What you are asked to do:
Transcribe all the entries that follow, leaving nothing out.

Available data:
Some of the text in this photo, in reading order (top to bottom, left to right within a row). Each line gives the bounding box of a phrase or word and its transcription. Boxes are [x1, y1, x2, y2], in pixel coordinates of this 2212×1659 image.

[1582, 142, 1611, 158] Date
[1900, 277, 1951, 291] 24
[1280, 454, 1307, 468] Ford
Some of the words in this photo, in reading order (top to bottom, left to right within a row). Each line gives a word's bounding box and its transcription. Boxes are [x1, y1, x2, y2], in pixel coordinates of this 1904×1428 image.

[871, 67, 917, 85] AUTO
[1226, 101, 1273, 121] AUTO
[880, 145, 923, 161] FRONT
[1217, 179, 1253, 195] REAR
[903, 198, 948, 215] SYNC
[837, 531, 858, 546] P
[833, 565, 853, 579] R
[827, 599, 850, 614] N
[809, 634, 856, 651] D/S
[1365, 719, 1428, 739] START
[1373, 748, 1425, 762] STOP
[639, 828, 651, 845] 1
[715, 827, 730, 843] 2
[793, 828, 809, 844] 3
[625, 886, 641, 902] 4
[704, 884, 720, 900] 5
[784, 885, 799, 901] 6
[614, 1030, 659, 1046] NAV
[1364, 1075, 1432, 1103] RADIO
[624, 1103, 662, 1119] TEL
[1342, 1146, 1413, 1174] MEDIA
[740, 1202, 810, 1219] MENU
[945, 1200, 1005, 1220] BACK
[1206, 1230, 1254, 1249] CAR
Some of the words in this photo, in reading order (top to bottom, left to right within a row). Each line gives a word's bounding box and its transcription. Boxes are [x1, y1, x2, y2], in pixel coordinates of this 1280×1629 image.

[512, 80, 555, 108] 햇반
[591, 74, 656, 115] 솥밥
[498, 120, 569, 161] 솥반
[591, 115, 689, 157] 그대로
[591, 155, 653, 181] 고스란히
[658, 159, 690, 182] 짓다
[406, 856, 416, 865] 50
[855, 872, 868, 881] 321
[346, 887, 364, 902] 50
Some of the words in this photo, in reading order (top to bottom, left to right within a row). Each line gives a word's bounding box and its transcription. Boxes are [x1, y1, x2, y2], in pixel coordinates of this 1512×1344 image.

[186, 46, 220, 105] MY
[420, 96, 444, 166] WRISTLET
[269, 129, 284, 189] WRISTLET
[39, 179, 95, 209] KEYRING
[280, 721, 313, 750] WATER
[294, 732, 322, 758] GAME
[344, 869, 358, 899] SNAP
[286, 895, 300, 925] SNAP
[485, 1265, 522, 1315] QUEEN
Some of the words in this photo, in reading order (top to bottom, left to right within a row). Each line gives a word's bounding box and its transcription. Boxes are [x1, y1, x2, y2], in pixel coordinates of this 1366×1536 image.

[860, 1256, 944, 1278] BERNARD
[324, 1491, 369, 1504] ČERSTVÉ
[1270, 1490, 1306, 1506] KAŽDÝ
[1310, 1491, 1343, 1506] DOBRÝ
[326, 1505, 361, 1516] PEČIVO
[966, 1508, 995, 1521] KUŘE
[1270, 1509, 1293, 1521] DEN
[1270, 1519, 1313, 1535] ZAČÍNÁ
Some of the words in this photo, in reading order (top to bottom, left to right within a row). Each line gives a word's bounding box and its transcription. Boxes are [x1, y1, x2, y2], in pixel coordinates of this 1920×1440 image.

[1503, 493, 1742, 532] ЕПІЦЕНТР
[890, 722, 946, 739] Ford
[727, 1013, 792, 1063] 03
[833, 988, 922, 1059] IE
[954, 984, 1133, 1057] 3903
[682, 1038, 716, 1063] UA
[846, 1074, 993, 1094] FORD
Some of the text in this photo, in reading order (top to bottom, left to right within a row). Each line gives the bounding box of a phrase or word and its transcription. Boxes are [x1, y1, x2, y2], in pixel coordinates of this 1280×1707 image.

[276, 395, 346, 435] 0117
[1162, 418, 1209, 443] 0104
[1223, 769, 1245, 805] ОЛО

Completed exercise:
Some of the text in this photo, in reading order (top to bottom, left to right within a row). Each line gives the bounding box of a phrase or word and its transcription. Boxes are [x1, y1, x2, y2], in pixel coordinates of this 2212×1659 image.

[1582, 142, 1611, 158] Date
[1900, 277, 1951, 291] 24
[1280, 454, 1307, 468] Ford
Some of the words in this photo, in reading order (top to bottom, left to right within a row). Each line gives a word's bounding box and its transcription. Boxes are [x1, y1, x2, y2], in pixel coordinates of this 1904×1428 image.

[871, 67, 917, 85] AUTO
[1226, 101, 1273, 121] AUTO
[880, 145, 923, 161] FRONT
[1217, 179, 1253, 195] REAR
[903, 198, 948, 215] SYNC
[837, 531, 858, 546] P
[833, 565, 853, 579] R
[827, 599, 850, 614] N
[809, 634, 856, 651] D/S
[1365, 719, 1428, 739] START
[1373, 748, 1425, 762] STOP
[639, 828, 651, 845] 1
[715, 827, 730, 843] 2
[793, 828, 809, 844] 3
[625, 886, 641, 902] 4
[704, 884, 720, 900] 5
[784, 885, 799, 901] 6
[614, 1030, 659, 1046] NAV
[1364, 1075, 1432, 1103] RADIO
[624, 1103, 662, 1119] TEL
[1342, 1146, 1413, 1174] MEDIA
[740, 1202, 810, 1219] MENU
[945, 1200, 1005, 1220] BACK
[1206, 1230, 1254, 1249] CAR
Some of the words in this photo, in reading order (top to bottom, left to right within a row). Each line gives a word's bounding box and its transcription. Boxes are [x1, y1, x2, y2], in pixel coordinates of this 1280×1629 image.

[512, 80, 555, 108] 햇반
[591, 74, 656, 115] 솥밥
[498, 120, 569, 161] 솥반
[591, 115, 689, 157] 그대로
[591, 155, 653, 181] 고스란히
[658, 159, 690, 182] 짓다
[406, 856, 416, 865] 50
[855, 872, 868, 881] 321
[346, 887, 364, 902] 50
Some of the words in this photo, in reading order (top to bottom, left to right within a row). Each line gives a word's bounding box and its transcription. Boxes are [x1, y1, x2, y2], in pixel coordinates of this 1512×1344 image.

[186, 46, 220, 105] MY
[420, 96, 444, 166] WRISTLET
[269, 129, 284, 189] WRISTLET
[39, 179, 95, 209] KEYRING
[280, 721, 313, 750] WATER
[294, 732, 322, 758] GAME
[344, 869, 358, 899] SNAP
[286, 895, 300, 925] SNAP
[485, 1265, 522, 1315] QUEEN
Some of the words in this photo, in reading order (top to bottom, left to right within a row). Each line gives a word's bounding box and its transcription. Boxes are [x1, y1, x2, y2], in pixel coordinates of this 1366×1536 image.

[860, 1256, 944, 1278] BERNARD
[324, 1491, 369, 1504] ČERSTVÉ
[1270, 1490, 1306, 1506] KAŽDÝ
[1310, 1491, 1343, 1506] DOBRÝ
[326, 1505, 361, 1516] PEČIVO
[966, 1508, 995, 1521] KUŘE
[1270, 1509, 1293, 1521] DEN
[1270, 1519, 1313, 1535] ZAČÍNÁ
Some of the words in this photo, in reading order (top to bottom, left to right within a row). Each line gives a word's bounding box and its transcription. Boxes are [x1, y1, x2, y2], in pixel coordinates of this 1920×1440 image.

[1503, 493, 1742, 532] ЕПІЦЕНТР
[890, 722, 946, 739] Ford
[727, 1013, 792, 1063] 03
[833, 988, 922, 1059] IE
[954, 984, 1133, 1057] 3903
[682, 1038, 716, 1063] UA
[846, 1074, 993, 1094] FORD
Some of the text in this photo, in reading order (top to bottom, left to right within a row). Each line gives the bounding box of a phrase or word and its transcription. Boxes are [x1, y1, x2, y2], in pixel coordinates of this 1280×1707 image.

[276, 395, 346, 435] 0117
[1162, 418, 1209, 443] 0104
[1223, 769, 1245, 805] ОЛО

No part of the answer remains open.